Break the Habit with Your Child: How to Choose Choices over Bribery
As a parent, I sometimes bribe my sweet, four-year-old daughter. Yes, the occasional “if you… then I’ll give you…” slips my lips. There are days when I’m beyond tired and stretched to my limits, but my daughter is still going full force. And yes, sometimes I’m so exhausted I can’t help but offer myself some solitude by saying “if you clean up your toys in the living room then I’ll let you watch Daniel Tiger.”
Even though these times are far and few between, I still cringe inside when it happens. And undoubtedly, I feel a sense of guilt.
As a parent who practices Chick Moorman’s book Parent Talk: How to Talk to Your Children in Language That Builds Self-Esteem and Encourages Responsibility, 98 percent of the time, any extent of bribery just feels wrong.
Have you ever heard the saying, “it takes seven days to make a habit, and three days to break it?” Well, when bribery is involved, it feels like it only takes one day!

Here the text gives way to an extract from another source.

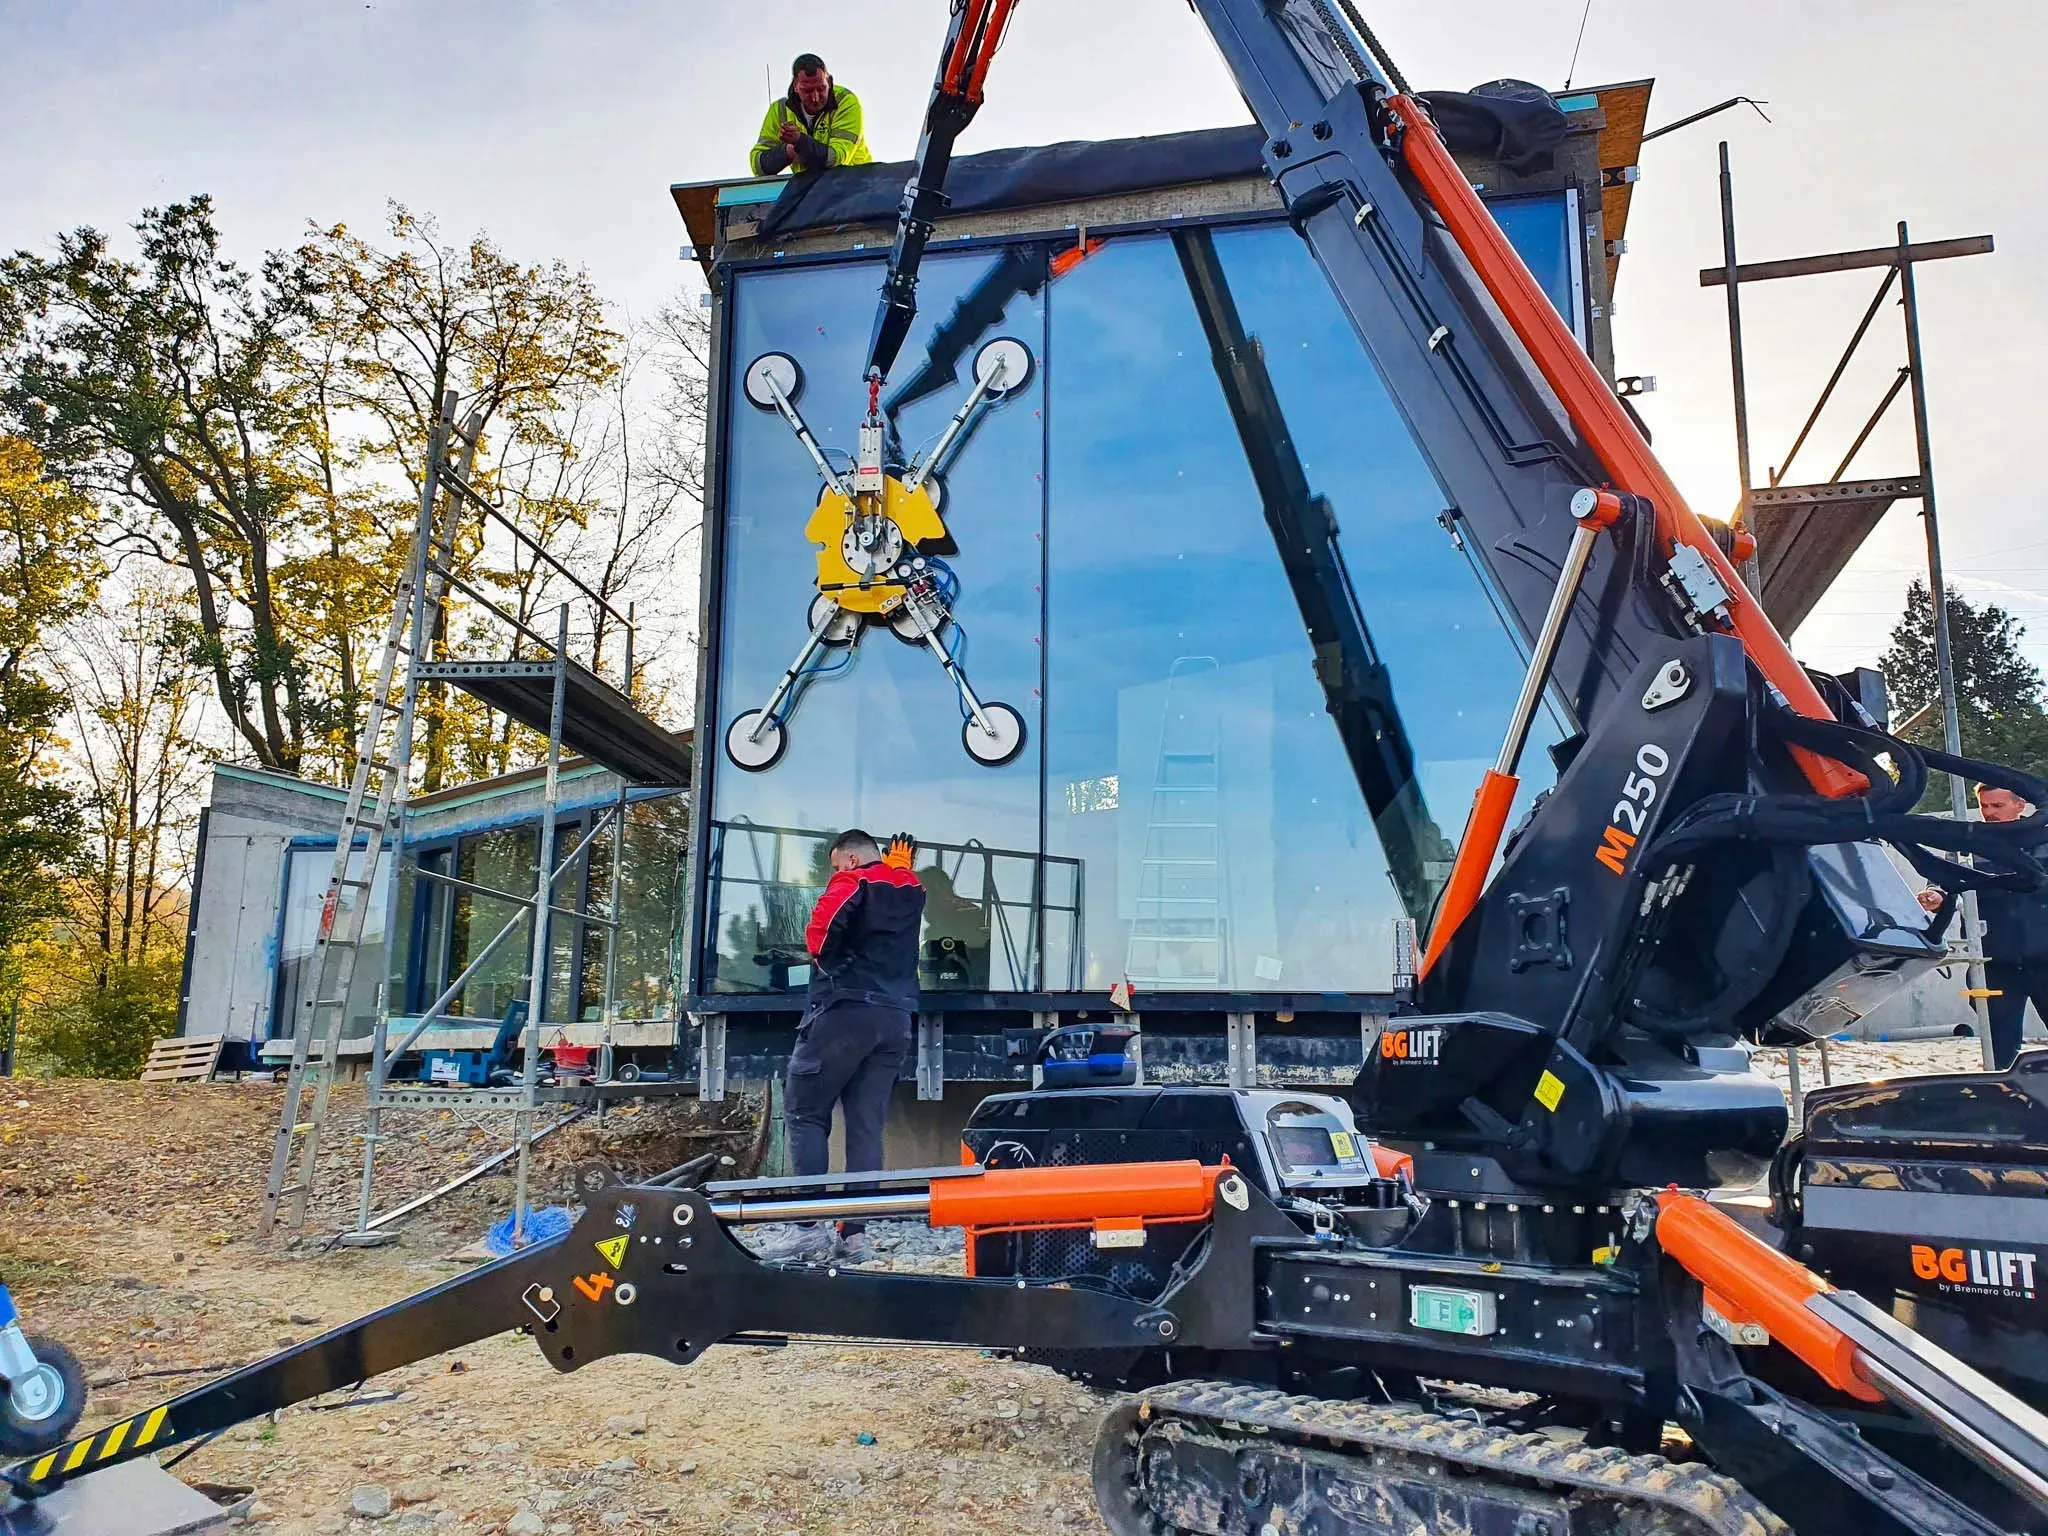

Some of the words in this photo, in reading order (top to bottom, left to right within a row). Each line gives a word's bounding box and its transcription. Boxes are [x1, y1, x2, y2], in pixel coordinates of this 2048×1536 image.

I want my daughter and unborn child to feel empowered by their own decisions and accomplishments, not driven by what they can “bribe” out of me. Even as an adult, there is that great sense of pride and ownership I feel when I accomplish something that no one asked me to do, but that needed to be done. There’s that “BOO-YAA, I did THAT” type of dance-around-the-room-while-fist-pumping moment that I just get so giddy over and think I want my children to know this feeling.

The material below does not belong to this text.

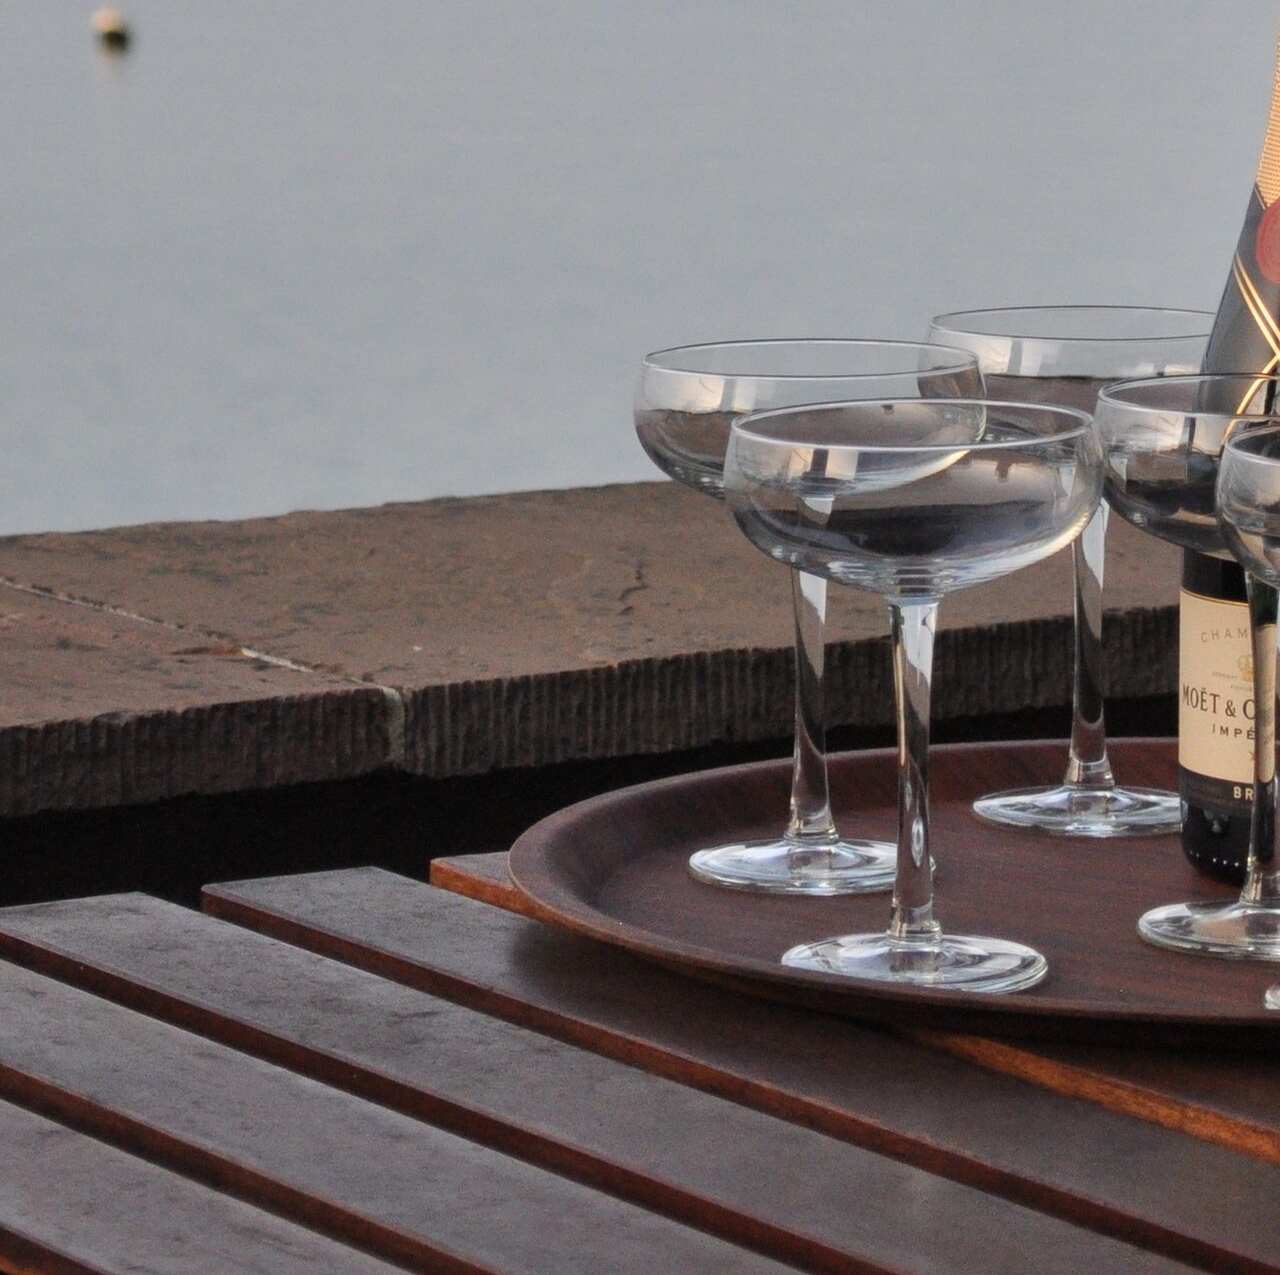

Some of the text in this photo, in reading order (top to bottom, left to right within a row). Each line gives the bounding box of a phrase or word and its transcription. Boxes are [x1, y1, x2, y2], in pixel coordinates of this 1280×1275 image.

[1182, 684, 1221, 715] MOËT
[1224, 699, 1238, 718] &
[1233, 786, 1254, 801] BR

Not to mention, bribes are bad. They stop us from being held accountable. I swear, every time we go to the store (you know, the one that gives free cookies to kids), I hear a parent say “if you’re good then we will get a cookie.” And not only that, but I later see the kid screaming and, of course, still leaving with a cookie!
Children are smart people. The next time that kid comes to the store, he knows that a cookie will be placed in his mouth if he:
- Throws a fit
- And lastly, cries when he doesn’t get a cookie
And I’ll bet you, he will have this routine down and patented for every shopping trip.
Are you yelling “STOP THE BRIBERY NOW” as if you’re some PETA campaign? Well, you should be. If you’ve ever read Parent Talk or ANY parenting help-guide book or story, you know that changing the way you parent doesn’t happen overnight. Remember the rule? It takes SEVEN days to make a habit! So what can you do instead of bribe your child, that’s easy, and effective?
1. Be willing to try.
Yes, this is the first step. If you’re willing to try, and try, and try, then the following suggestions will be easily attainable.
2. Give your child choices.
I know, it sounds silly, but it’s a way to have your child feel proud and you get what you want. Say your kiddo wants to go to a friend’s house, and you want their room cleaned. Try: “You have a choice. You can clean your room and go to your friend’s house or you can choose to not clean your room and stay home. Your choice.” Don’t be shocked if your child chooses to stay home! This might happen. And that is fine. It was their choice. You’ll just have to try again (see step 3).
3. Break down big projects.
We know you’re a super parent and can clean the entire house in under an hour, so surely your child should be able to clean their room with a day’s amount of time. However, that’s unrealistic. Break down the project. Try: “I would appreciate it if you could pick up only your books today.” You’ve given your child an objective – pick up your books. The project is a lot smaller now. Like before, they might not do it. And that is fine. It is their choice.
4. Give another choice and an explanation.
Yes, yes, yes! Choices are the way to a child’s heart. Make the choices worth more, but respect your child’s choice. Don’t go too crazy or you’ll punish yourself. i.e. Try to stay away from the “if you choose to not clean your room, then you’ll lose your car privileges” EEK! What if your student is in sports? Who’s doing the driving then, parent?
So instead try: “I noticed you didn’t want to clean your room. It’s important that we clean our rooms so we can get out of our room quickly in an emergency without getting hurt. I’ll give you a choice, you can choose to clean your room and keep all of your toys. If you choose to not clean your room, I will pick up everything that’s not in it’s place and you won’t be able to play with it. It’s your choice.”
And as always, don’t be surprised if they choose to not clean their room. We once used this with our then three-year-old and we ended up with a laundry basket full of toys stuffed in our closet for SIX MONTHS! YES- it took her SIX MONTHS until she finally decided to clean her room. And once she cleaned her room, we gave her the basket of toys back. Let’s just say, she has now learned that cleaning her room is the best option.